简体繁体 English

CPU绑定应用程序与IO绑定

[英]CPU bound applications vs. IO bound

原文 2009-10-26 05:36:51 1 2 language-agnostic/ data-processing

For 'number-crunching' style applications that use alot of data (reads: "hundreds of MB, but not into GB" ie, it will fit nicely into memory beside the OS), does it make sense to read all your data into memory first before starting processing to avoid potentially making your program IO bound while reading large related datasets, instead loading them from RAM? 对于使用大量数据的“数字运算”风格的应用程序（读取：“数百MB，但不是GB”，即它可以很好地适应操作系统旁边的内存），将所有数据读入内存是否有意义首先在开始处理之前避免在读取大型相关数据集时可能使程序IO绑定，而是从RAM中加载它们？
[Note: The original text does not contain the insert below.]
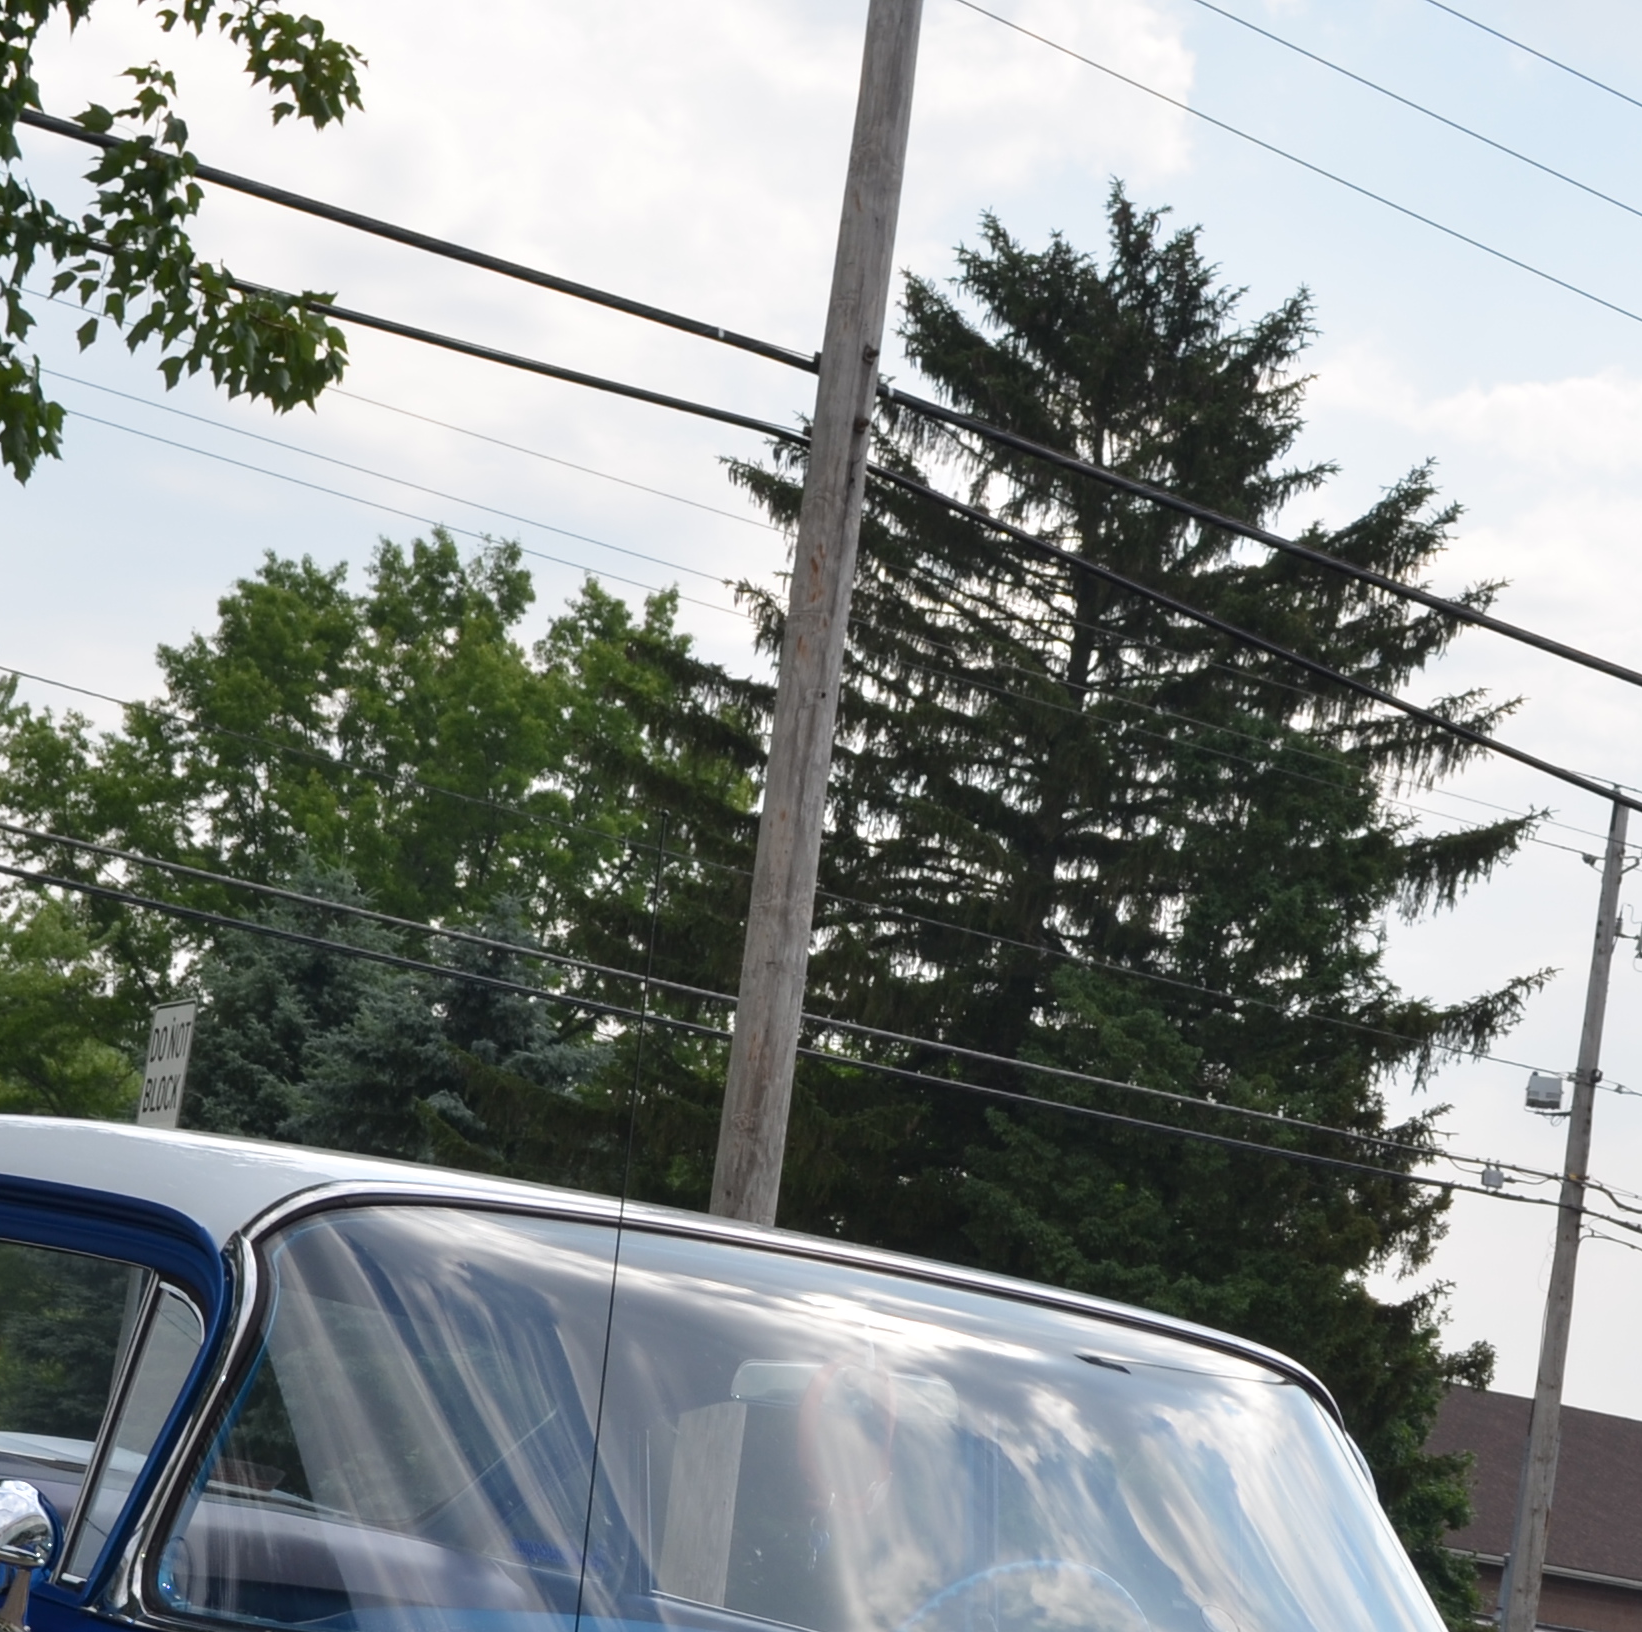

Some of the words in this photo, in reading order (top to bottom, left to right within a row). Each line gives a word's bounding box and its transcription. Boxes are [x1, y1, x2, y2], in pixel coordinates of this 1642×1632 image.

Does this answer change between using different data backings? 这个答案在使用不同的数据支持之间是否有所改变 ie, would the answer be the same irrespective of if you were using XML files, flat files, a full DBMS, etc? 也就是说，无论你使用的是XML文件，平面文件，完整的DBMS等，答案都是一样的吗？

2 个解决方案

Your program is as fast as whatever its bottleneck is. 你的程序和它的瓶颈一样快。 It makes sense to do things like storing your data in memory if that improves the overall performance. 如果可以提高整体性能，那么将数据存储在内存中是很有意义的。 There is no hard and fast rule that says it will improve performance however. 没有严格的规则表明它会提高性能。 When you fix one bottleneck, something new becomes the bottleneck. 当你修复一个瓶颈时，新的东西就成了瓶颈。 So resolving one issue may get a 1% increase in performance or 1000% depending on what the next bottleneck is. 因此，解决一个问题可能会使性能提高1％或1000％，具体取决于下一个瓶颈。 The thing you're improving may still be the bottleneck. 你正在改进的东西可能仍然是瓶颈。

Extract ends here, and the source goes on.